Dear Amita,
I want to begin this post by thanking you for your response to Dileep Padgaonkar’s review of Meera Kosambi’s book on her grandfather and Buddhist scholar Dharmanand Kosambi.
In your response you rightly point out that “To refer to the background of a brahmin landowner then as ‘humble’ is misleading and offensive.”
No argument there. You raise points that are normally occluded in the debates and discussions within and about Goa. On the contrary, I would go further than you do when you say that “the condition of the non-brahmins was much worse, with many in grinding poverty, working on the land owned by the GSBs, unable to even think of basic education, their women and children sometimes bonded in the worst ways imaginable.”
In fact, for most of the non-brahmin Hindu population of Goa, and especially in the Novas Conquistas, the GSB was the oppressor; not the Portuguese, and the GSB continues to be the oppressor. Let us also not forget that for the GSB the pre-Republic discrimination was not as severe as it was for other Hindu groups.

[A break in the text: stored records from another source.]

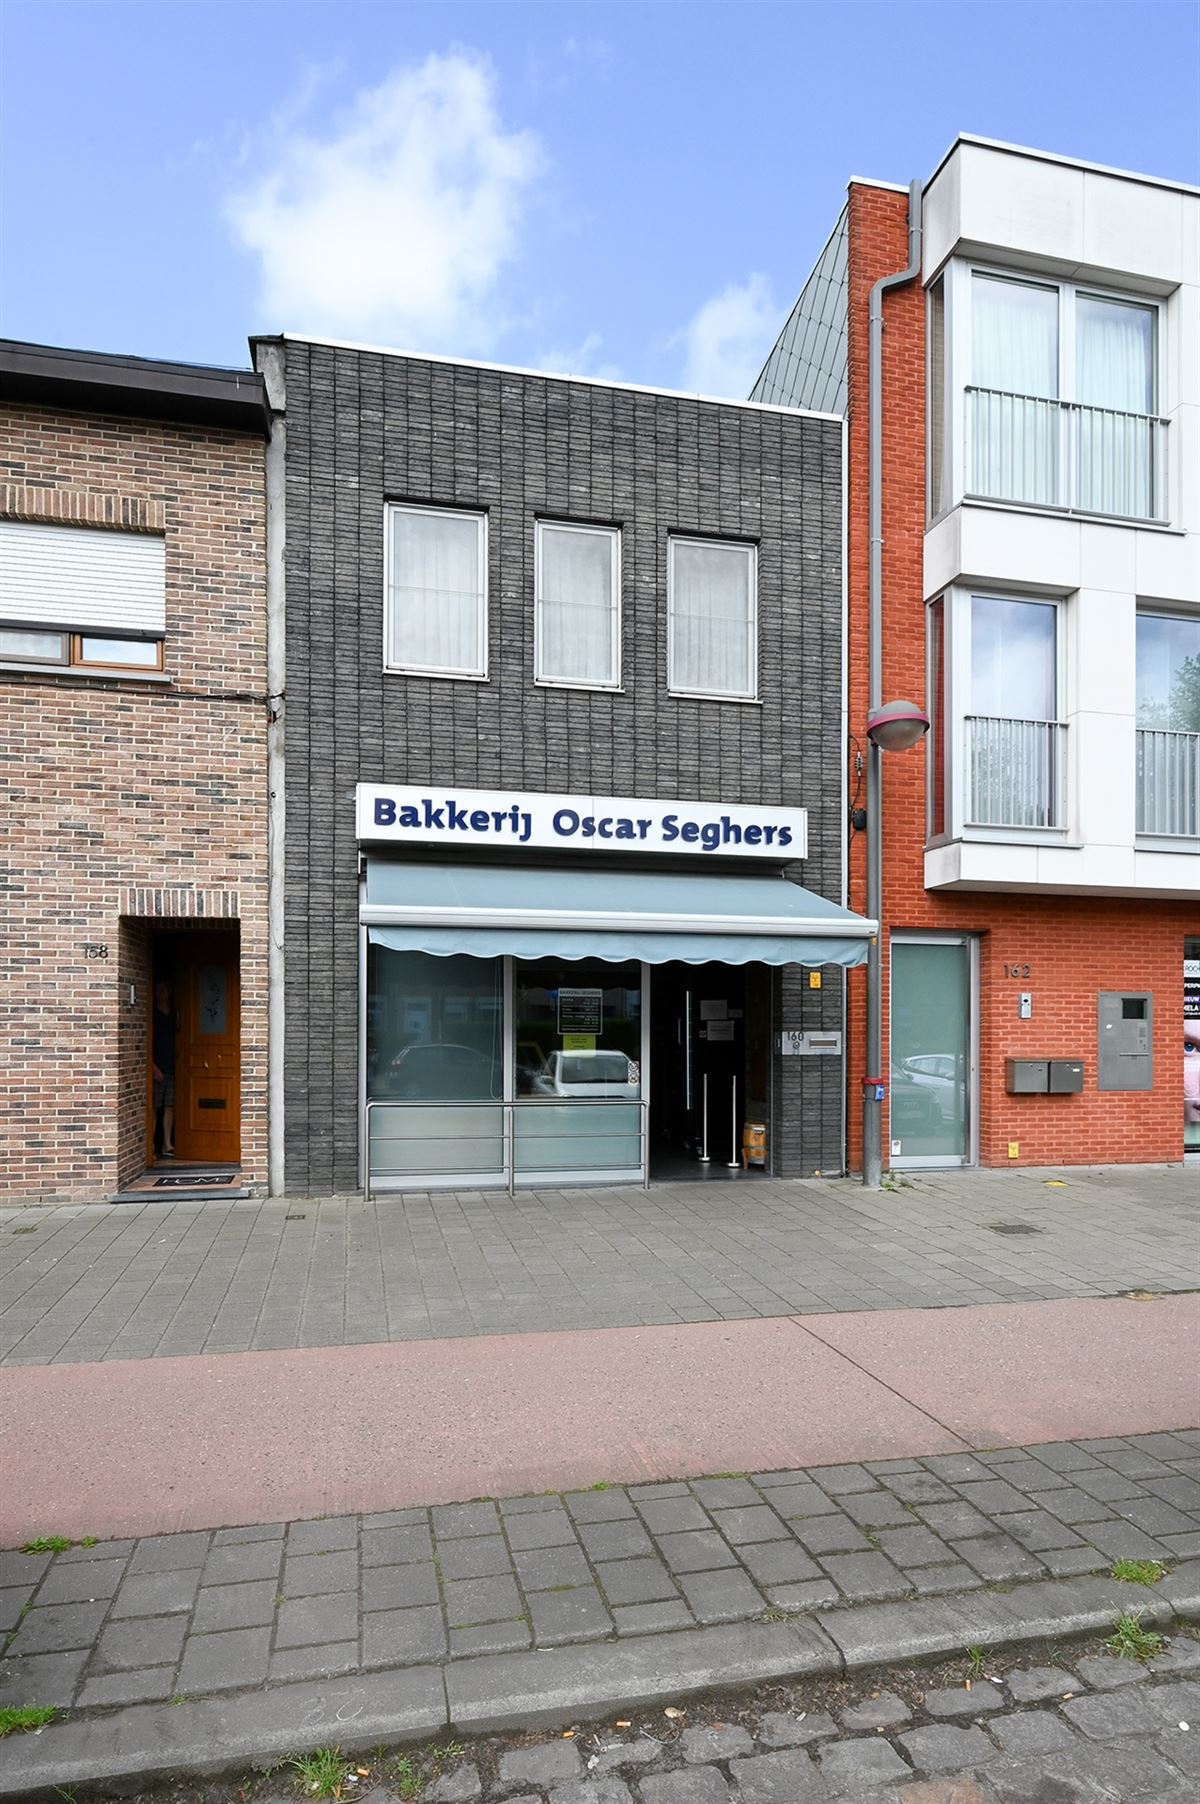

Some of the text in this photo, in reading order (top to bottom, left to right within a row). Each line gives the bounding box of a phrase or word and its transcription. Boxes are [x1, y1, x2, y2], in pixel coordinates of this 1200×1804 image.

[374, 797, 793, 851] Bakkerij Oscar Seghers
[84, 945, 108, 959] 158
[1003, 963, 1031, 979] 162
[787, 1031, 804, 1041] 160
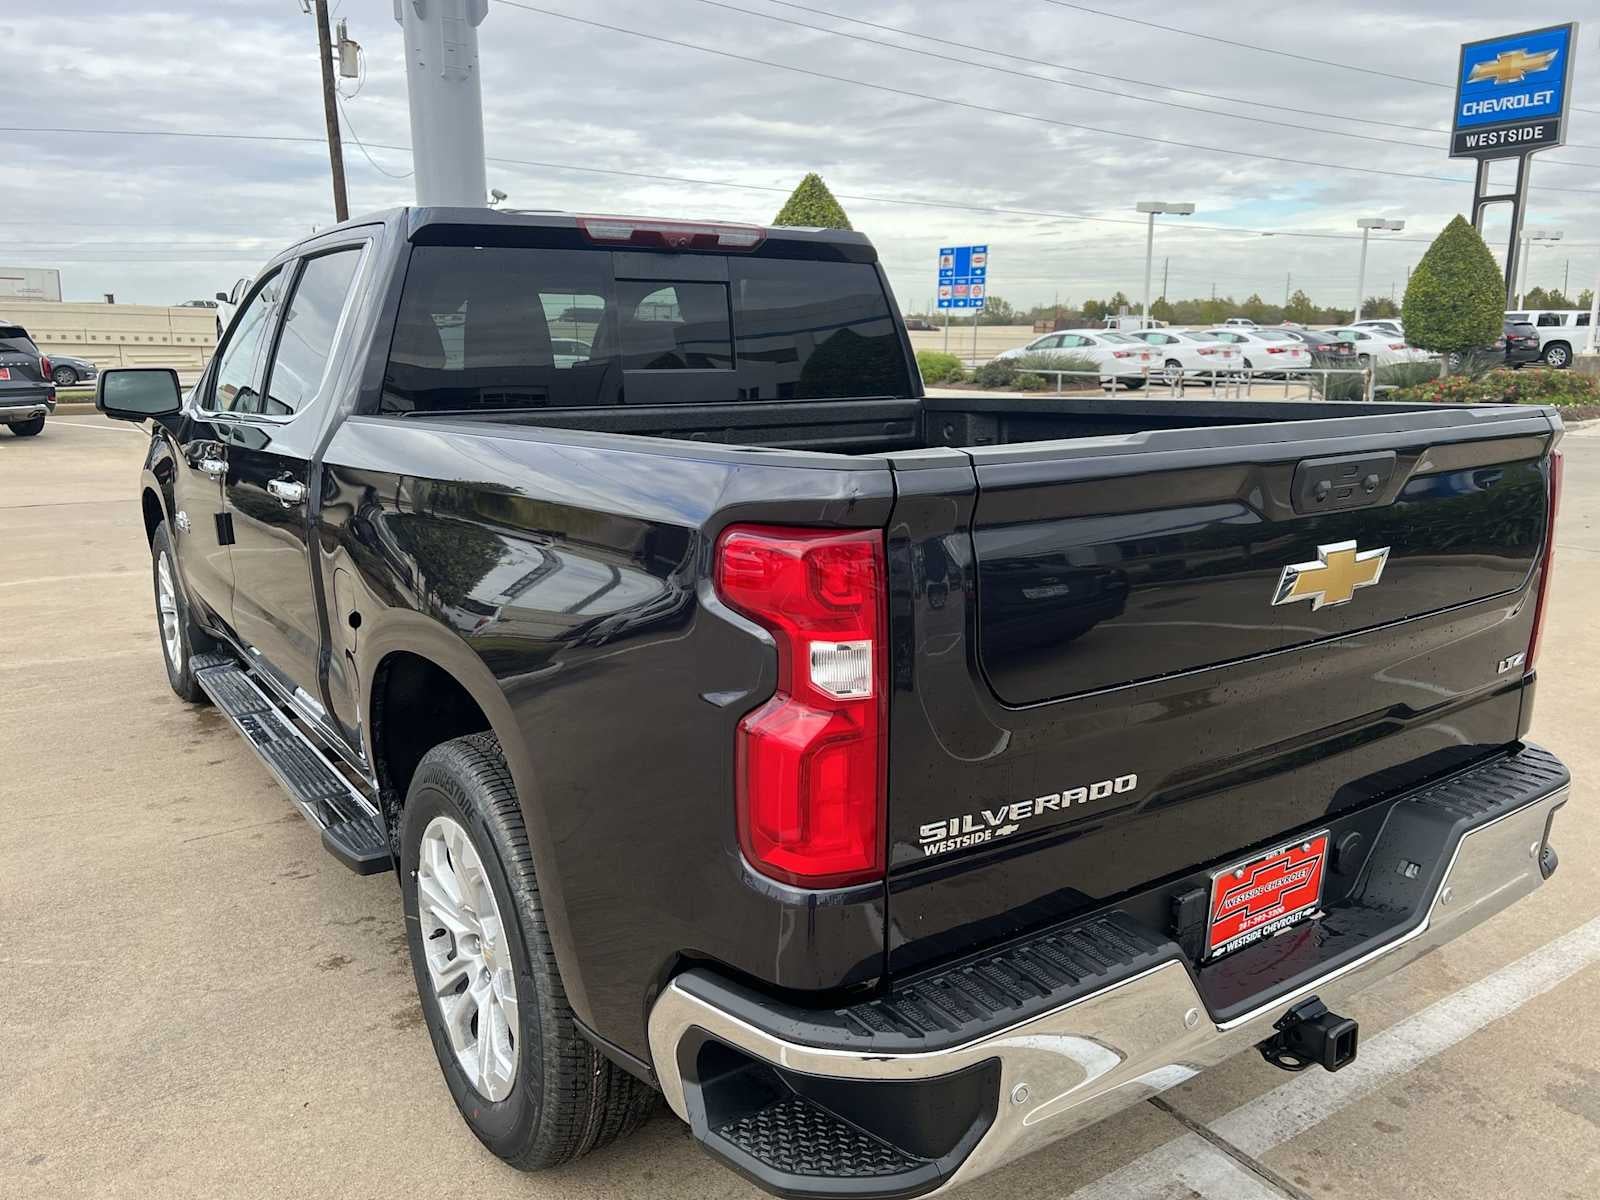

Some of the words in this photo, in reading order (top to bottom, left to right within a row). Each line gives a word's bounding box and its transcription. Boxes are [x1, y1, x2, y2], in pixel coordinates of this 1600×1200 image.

[1462, 90, 1555, 117] CHEVROLET
[1465, 126, 1544, 148] WESTSIDE
[1498, 652, 1525, 674] LTZ
[919, 773, 1138, 844] SILVERADO
[923, 829, 992, 857] WESTSIDE
[1224, 886, 1264, 909] WESTSIDE
[1264, 868, 1309, 894] CHEVROLET
[1226, 928, 1262, 953] WESTSIDE
[1262, 911, 1303, 936] CHEVROLET

There were sufficient number of GSBs within the system of the Estado da India to ensure that their interests were served, even while not being centre-stage. These inconvenient facts are unfortunately conveniently occluded in the anti-Portuguese hysteria that is generated by some of the ‘freedom-fighters’ whose lead figures are perhaps not surprisingly GSB!
More recently, in other writings, I have suggested that perhaps the kind of stand-off that one saw in the Subodh Kerkar incident had as much to do with contra-GSB politics as with anti-non-Hindu politics.
Before I go on to my differences with you, and my suggestions of caution – that draw largely from Luis’ response to you – may I direct your attention to The Bomb,Biography and the Indian Middle Class, published in the EPW in 2006, p.
In this essay, Sankaran Krishna points to the biography of the late Raja Ramanna, and the curious fact, that like Dileep Padgaokar’s review, Ramanna’s review too begins with a reference to his Brahmin origins.
Like you do, Krishna leads us from this reference to the Brahmin, to the manner in which this feature limits the extent of Indian modernity. Among other things, it is the basis on which the pride in one’s elevated caste background twines with the politics of ‘merit’ that we uphold to deny the reservation policy that Luis rightly supports, how it constructs the habitus of the Indian middle classes, its (our) response to the masses, and how it twines with Hindutva.
The essay is a gem, and worth reading. I will end here by indicating that reference to the humility of the GSB caste is more than merely misleading and offensive. Padgaokar’s reference tells us also of how Padgaokar perceives himself, and the limits of his own modernity.
My differences with you commence from the position where I argue that it is possible to conceive that the ‘humble GSB’ did in fact exist at the time in which Dharmanand was forced to manage the coconut plantations.